En 2022, l’organisation du dépistage était confiée au Centre Régional de Dépistage Néonatal seul pour 29% des naissances, au réseau de périnatalité seul pour 7%, et l’organisation était mixte pour 61% des naissances.

Les buvards Guthrie étaient utilisés comme supports de traçabilité pour 87% des naissances, et 78% des données étaient traités via la plate-forme Vozanoo®.

Le dépistage concernait à la fois les atteintes bilatérales et unilatérales pour 52% des naissances. Pour les ¾ des enfants suspects de surdité en sortie de maternité, les tests étaient non concluants de façon unilatérale.

Selon l’ENP, la séquence T1/T2 utilisait majoritairement OEA/OEA (44% des maternités), puis à égalité OEA/PEAA ou PEAA/PEAA (28% des maternités). 

La pratique d’un test automatisé ambulatoire différé (étape T3), organisée en France pour 83% des naissances, « normalise » selon les régions, entre 82 et 92% des tests non concluants en sortie de maternité. Ce test différé permet à la fois de diminuer le recours à l’étape diagnostique et de rattraper les dépistages non ou incomplètement effectuée. (4, 5, 6)

L’organisation du parcours diagnostique pour les enfants repérés par le dépistage n’est pas homogène sur le territoire.

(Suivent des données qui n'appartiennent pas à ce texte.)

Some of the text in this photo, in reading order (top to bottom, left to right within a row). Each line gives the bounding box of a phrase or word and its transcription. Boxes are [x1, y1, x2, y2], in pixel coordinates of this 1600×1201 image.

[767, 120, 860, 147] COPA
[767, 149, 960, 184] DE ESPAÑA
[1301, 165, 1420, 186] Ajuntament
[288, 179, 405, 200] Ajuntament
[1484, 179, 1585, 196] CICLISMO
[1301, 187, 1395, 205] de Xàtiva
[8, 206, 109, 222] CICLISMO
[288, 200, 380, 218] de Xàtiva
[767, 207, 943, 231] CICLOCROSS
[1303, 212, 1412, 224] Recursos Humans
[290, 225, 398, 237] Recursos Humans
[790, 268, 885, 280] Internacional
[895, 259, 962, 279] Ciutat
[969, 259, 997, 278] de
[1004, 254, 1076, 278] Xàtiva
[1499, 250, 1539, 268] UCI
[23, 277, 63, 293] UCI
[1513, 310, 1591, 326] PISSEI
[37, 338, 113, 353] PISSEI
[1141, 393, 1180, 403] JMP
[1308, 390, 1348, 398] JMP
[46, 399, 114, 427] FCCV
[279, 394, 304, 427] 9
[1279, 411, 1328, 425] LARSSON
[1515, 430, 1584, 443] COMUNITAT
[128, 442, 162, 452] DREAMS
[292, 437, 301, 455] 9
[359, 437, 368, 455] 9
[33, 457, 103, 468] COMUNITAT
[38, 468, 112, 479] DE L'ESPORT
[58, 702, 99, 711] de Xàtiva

La surdité néonatale bilatérale concerne un peu plus d’un nouveau-né sur mille, et près de 2 ‰ avec la surdité unilatérale.

La présentation abordera la question des publics spécifiques, comme les enfants hospitalisés en néonatalogie, ou les naissances en contexte non conventionnel (non prises en compte par le législateur) (7) , et le sujet du consentement parental au dépistage.

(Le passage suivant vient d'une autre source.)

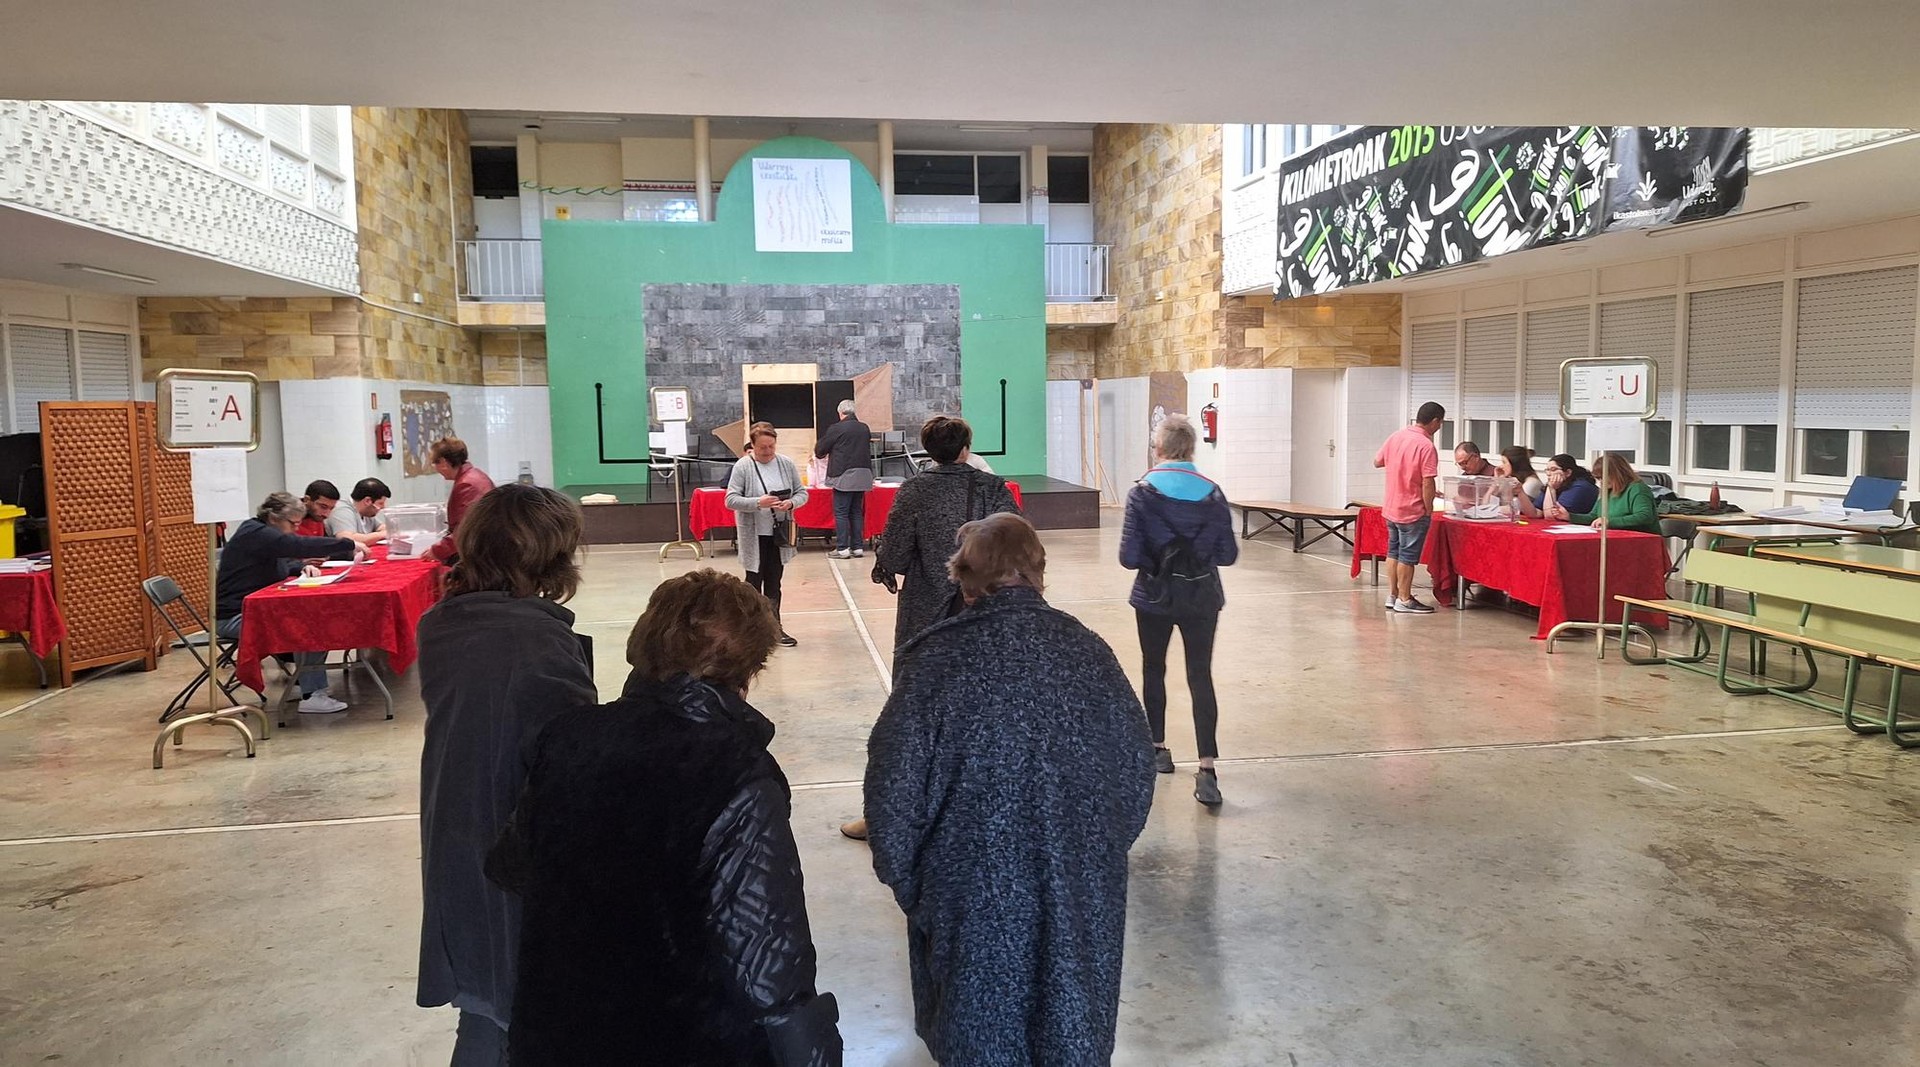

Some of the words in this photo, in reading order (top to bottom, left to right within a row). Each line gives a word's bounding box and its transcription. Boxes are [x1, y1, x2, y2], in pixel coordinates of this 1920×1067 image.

Des données régionales récentes (Occitanie, Haute-Normandie, Auvergne Rhône-Alpes) montreront la bonne acceptation sociétale du dépistage (taux de refus ≤ 1‰, et exhaustivité >99,5%), mais aussi la nécessité d’améliorer les parcours et l’efficience, notamment pour la phase diagnostique post dépistage.

Les disparités et l’inégalité territoriale d’offre de soins pour les nouveau-nés en France et la diversité des solutions régionales soutiennent aujourd’hui un partage d’expérience pour progresser dans ce dépistage. Aussi, les acteurs du dépistage fédérés en association (8) ont émis des propositions de recommandations portant sur l’extension du dépistage aux surdités unilatérales, les outils du dépistage (PEAA versus OEA), la généralisation de l’étape T3, la prise en compte des naissances non suivies d’un séjour en établissement… (9)

Enfin, l’évaluation de ce programme de santé ne sera pas complète sans une évaluation du point de vue des usagers, parents d’enfants « bas risque » en maternité et parents d’enfants diagnostiqués sourds, évaluation qui reste aujourd’hui à mener.